Phelan: I love Rose for so many reasons, the biggest is because she cares more about the needs of others more than her own. The fact that Rose works as a grief counselor says a lot about who she is and what she stands for. I put my personal cell phone number on every piece of campaign literature we have sent out from the beginning of my campaign, because I felt like our representative, if anything, should be accessible. I’ve received hundreds of phone calls over the last few months, because even as a candidate, we have been helping so many people in our community with everyday problems. Some of those issues have been really intense, and I think for most, just being able to talk to someone who will listen has been a big help for them, but also for me. This is the quality that we love best in Rose. Her ability to listen, and try to help whenever she can.
CCNews: Any last words to our readers?
Leslie: A big thank you. My team and I have had the best time crisscrossing the district and meeting the most wonderful, caring people. Chelsea is special and I want to work with you to keep it that way. I give you my word to work my very hardest and make you proud as your next City Councilmember.

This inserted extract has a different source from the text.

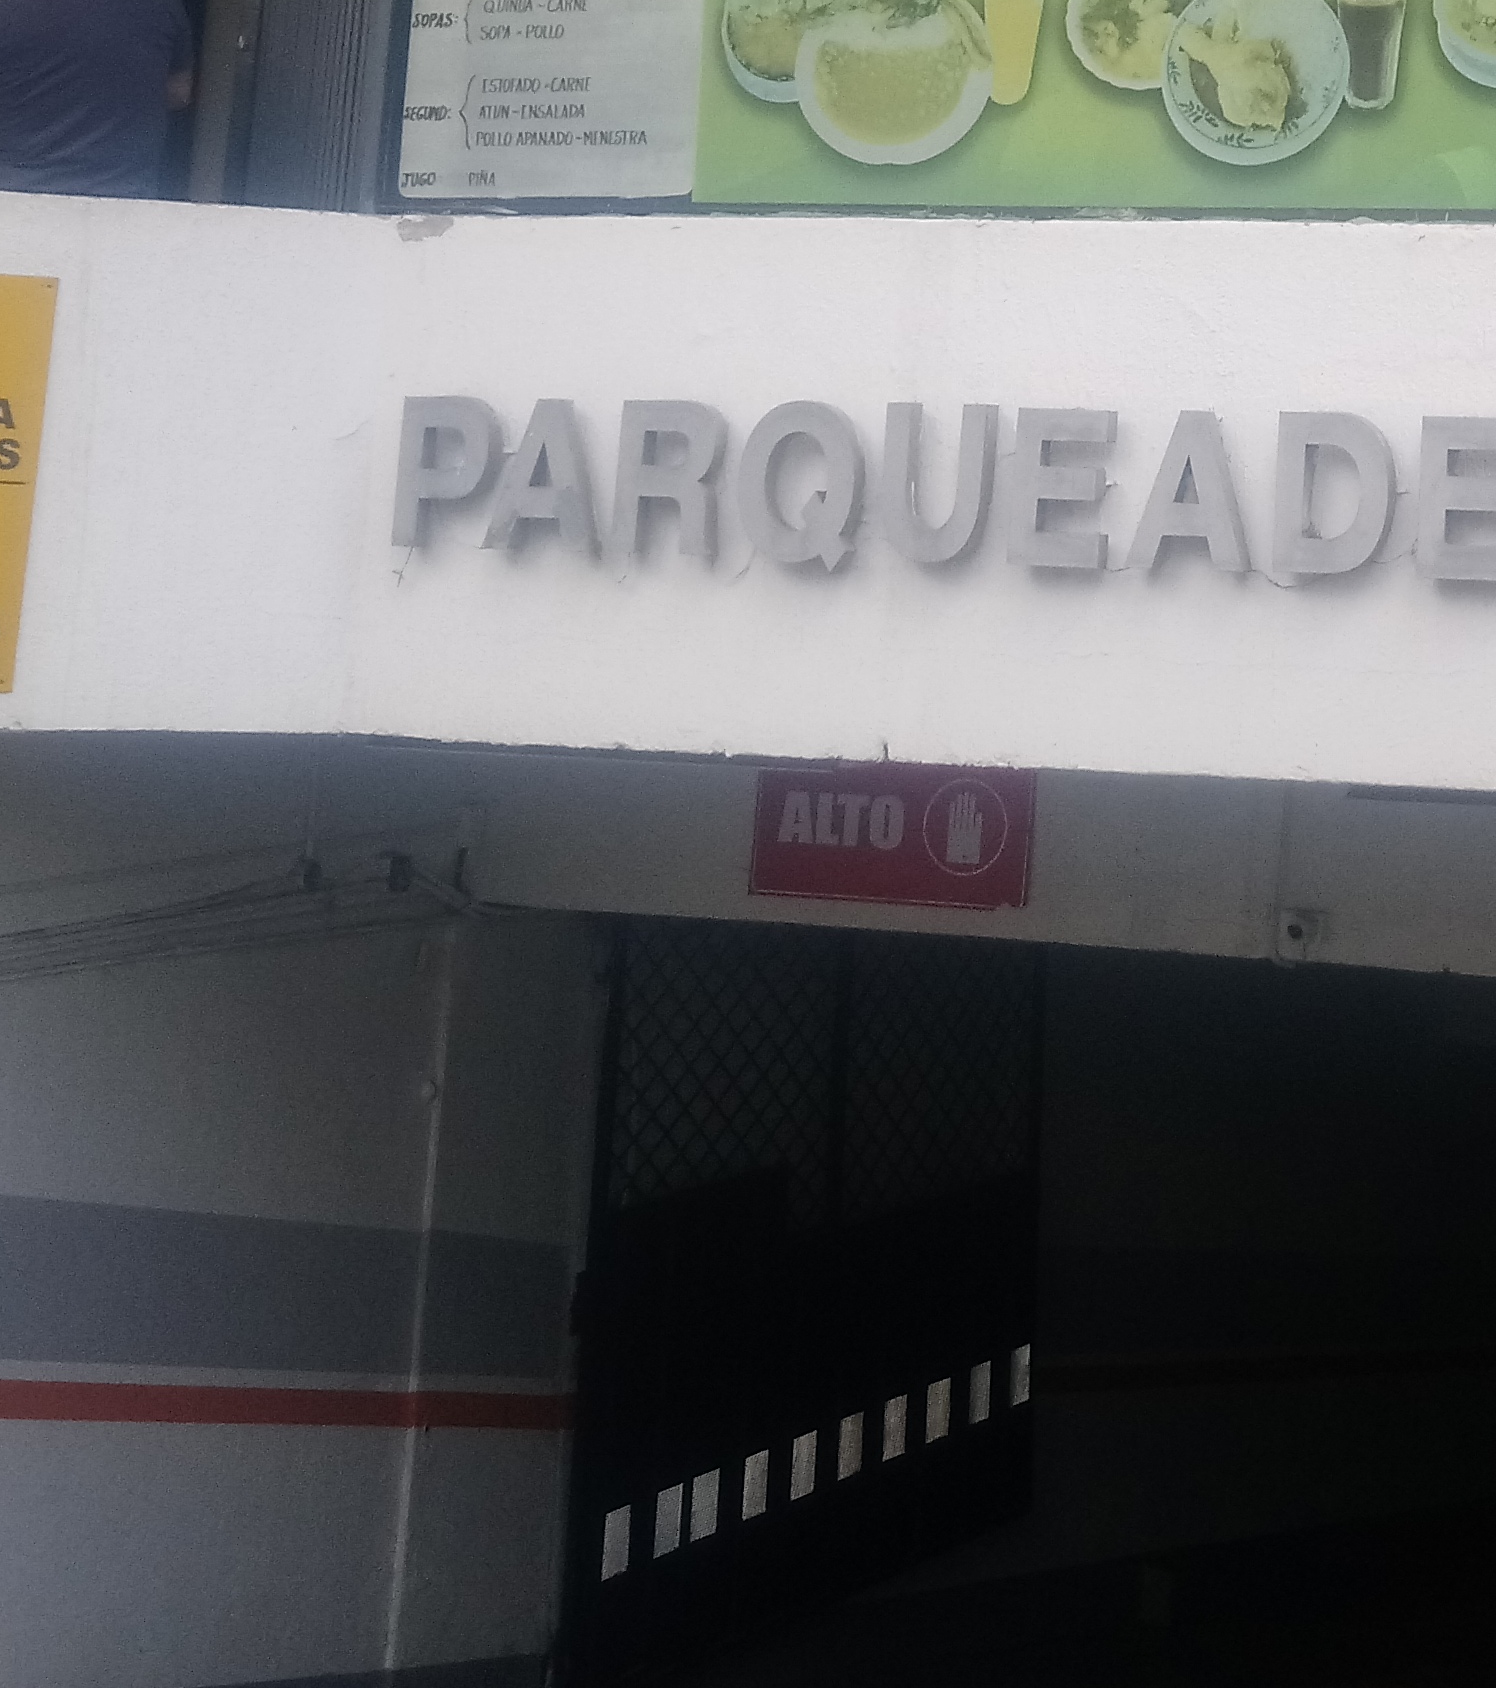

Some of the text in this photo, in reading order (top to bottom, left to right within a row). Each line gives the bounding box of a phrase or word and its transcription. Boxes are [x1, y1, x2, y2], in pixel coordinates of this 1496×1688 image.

Marni: This is probably been the most interesting and compelling experience I have ever had, and it’s really been an honor to run for public office. I don’t know what will happen on the 22nd, but what I do know is it has made me much closer to my community, more intimate with its residents and I understand what is needed to help others. In the past three months, I have helped a NYCHA tenant get a motorized chair she had been waiting for, for eight months. I have inspired other residents in the community to work with me to give political education classes to others to broaden civic education and engagement. And I was part of a group of tenants that pushed Senator Brian Kavanagh to put The Blueprint, scheme to privatize public housing in this district, on hold. This is the beauty of running for office, which makes all the sacrifice and hard work well worth it.
Phelan: I’m running for City Council because when the pandemic hit and I needed help the most, our representative and his staff were nowhere to be found. And I know I’m not alone. Help me break the “machine” and rank us #1 on the ballot. If you’re a small business operator or a parent in our district who is worried about our community, I hear you. Diversity in representation is not only important for our city, but important for our democracy. It allows all voices to be heard, no matter what you do, or how much money you make, or what zip code you live in. We all deserve the opportunity to have a voice in the decisions that affect our everyday lives.